Она говорит, что рада, что ей на милость был отдан он, а не кто-нибудь другой. И почему это так? Чему она радуется? Другие женщины боялись его. Его жены… такие робкие, слабые создания. Они так и не смогли побороть свой страх перед ним, хотя он никогда не давал им повода думать, что может быть жестоким по отношению к ним. И так было с тех пор, как ему исполнилось шестнадцать лет, и он лишился семьи и дома. Именно в тот трагический год в нем произошел перелом. Изменился его характер, и даже внешность. Тот мрак, который поселился в его душе, отразился и на его лице.
С тех пор на его ложе никогда не было женщин, которые первоначально не испытывали страха перед ним. Обе его жены давно умерли. А были они с ним в те времена, когда он жил и дышал мщением, когда каждая его мысль была только о разрушениях и убийствах, так же как и сейчас.
И чему она радовалась? Тому, что он был крепко связан и не мог дотронуться до нее? Потому что знала, что его не будет в живых, прежде чем с него снимут цепи, и поэтому ей совсем не нужно бояться его? Существовала вполне реальная перспектива того, что его зарежут прямо здесь, в постели, лишив его возможности защищаться, без малейшего шанса на отмщение. Смерти он не боялся. Бывали времена, когда он даже заигрывал с ней, когда его жизнь была пуста и ничтожна, и ему просто было все равно, жив он или нет. С тех пор не многое изменилось. Но сейчас ему представилась возможность заключить выгодный брак с леди Изабеллой. И он не хотел упускать этот шанс. Однако еще больше он сожалел о том, что ему не удастся отомстить этим людям за то зло, которое они причинили ему. Об этом он жалел гораздо больше, чем о возможной смерти.
К великому удивлению Уоррика, на следующий день Милдред появилась не с едой, а ворохом одежды и ключом от его оков, и, если ее словам можно было верить, она пришла по приказанию своей госпожи.

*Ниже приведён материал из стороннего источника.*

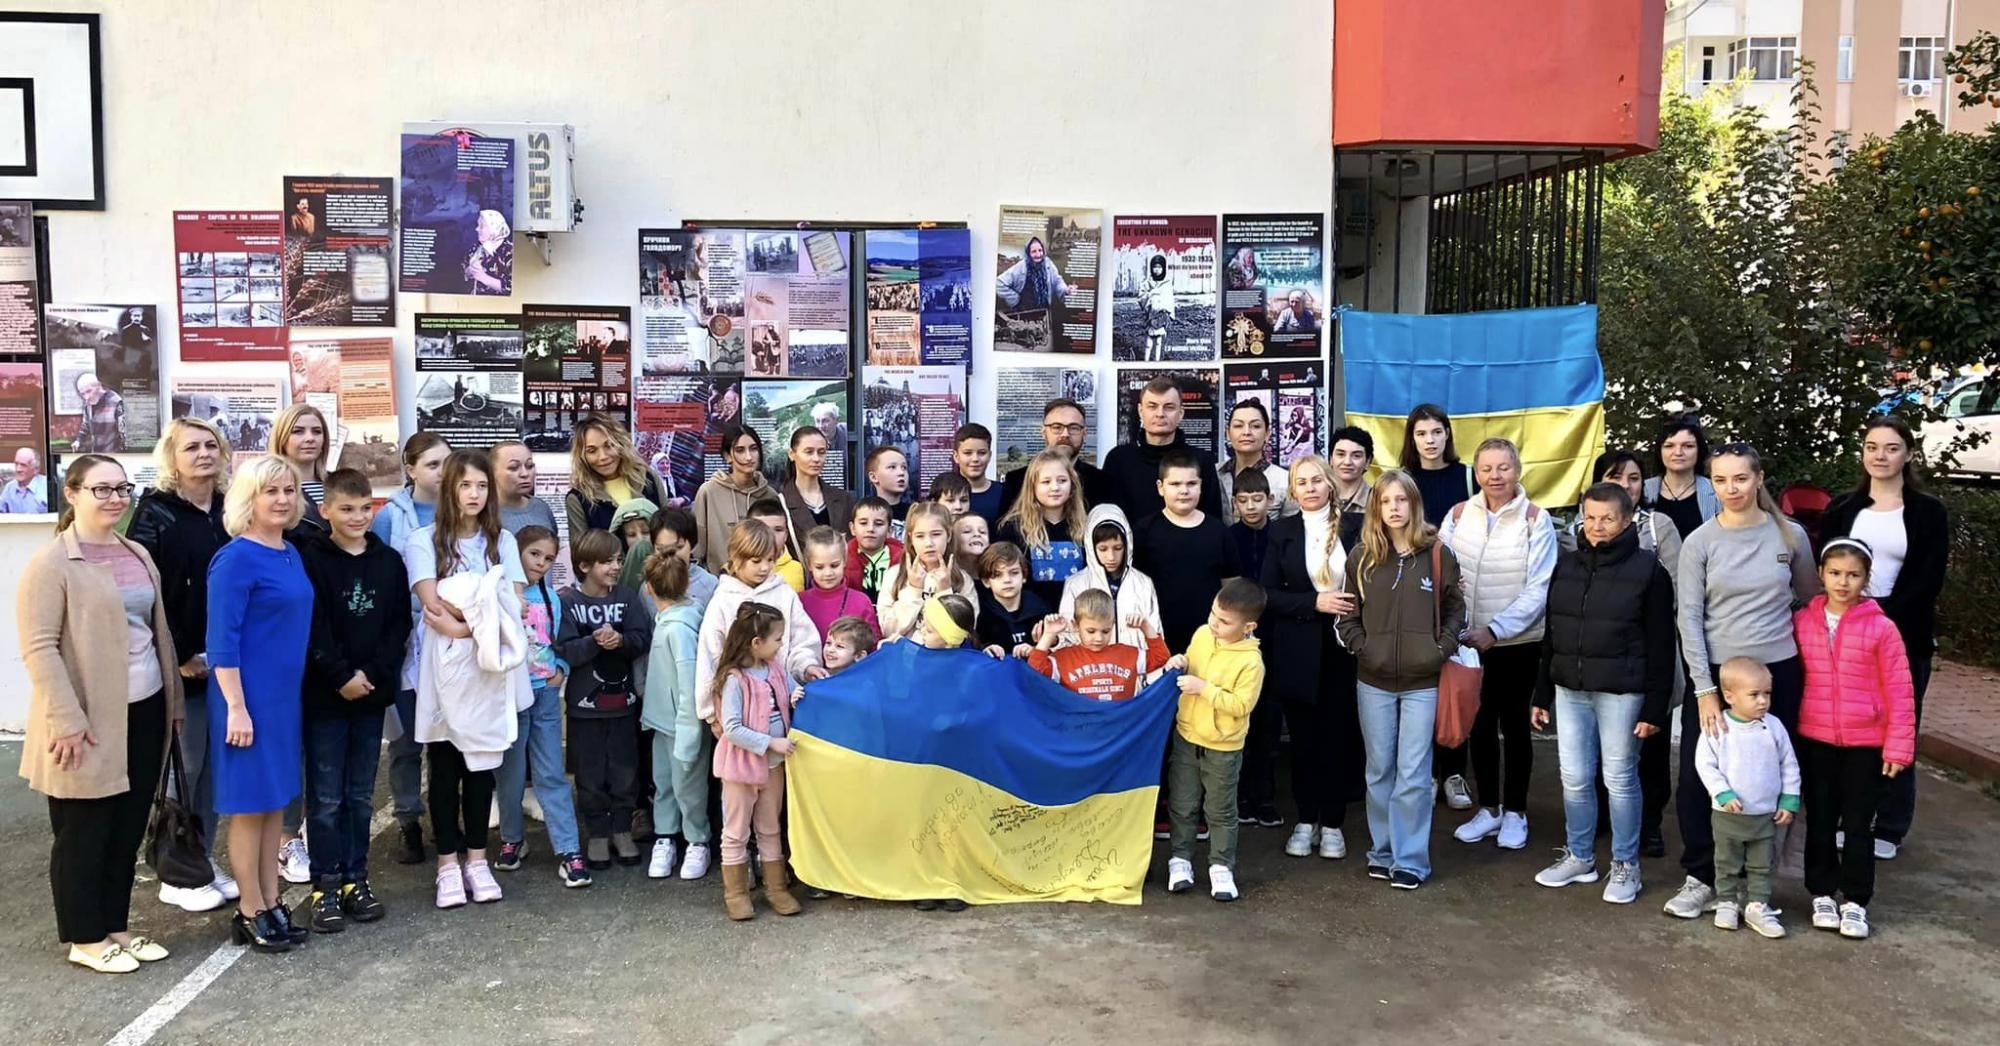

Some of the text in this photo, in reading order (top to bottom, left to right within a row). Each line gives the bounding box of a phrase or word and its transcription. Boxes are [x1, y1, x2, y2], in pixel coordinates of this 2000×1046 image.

[1117, 227, 1213, 236] THE UNKNOWN GENOCIDE
[1068, 663, 1131, 683] ATHLETICS

— Очень хорошо, сэр, что я нашла ключ. Моя госпожа хочет, чтобы вы ушли. И сделать это нужно сейчас, пока ее брат занимается вербовкой наемников в городе. — Все это она сказала ему, вынимая из его рта кляп. — Я постараюсь убедить его, что ваше семя попало на благодатную почву. Но это не означает, что он не попытается вновь поймать вас.
— Брат? — Уоррик вспомнил того человека и его зависть. — Я уверен, что он ей не родной брат.
— Нет, нет, между ними нет кровного родства, слава Божьей Матери, — сказала она, глядя на него и одновременно, чтобы не терять времени, открывая наручники.
— А если мое семя не попало на благодатную почву? Кто-нибудь другой займет мое место в этой проклятой постели?
— А это не должно вас волновать, сэр.
— Тогда скажи мне, зачем нужен ребенок. И именно мой ребенок? По крайней мере, я имею право знать это.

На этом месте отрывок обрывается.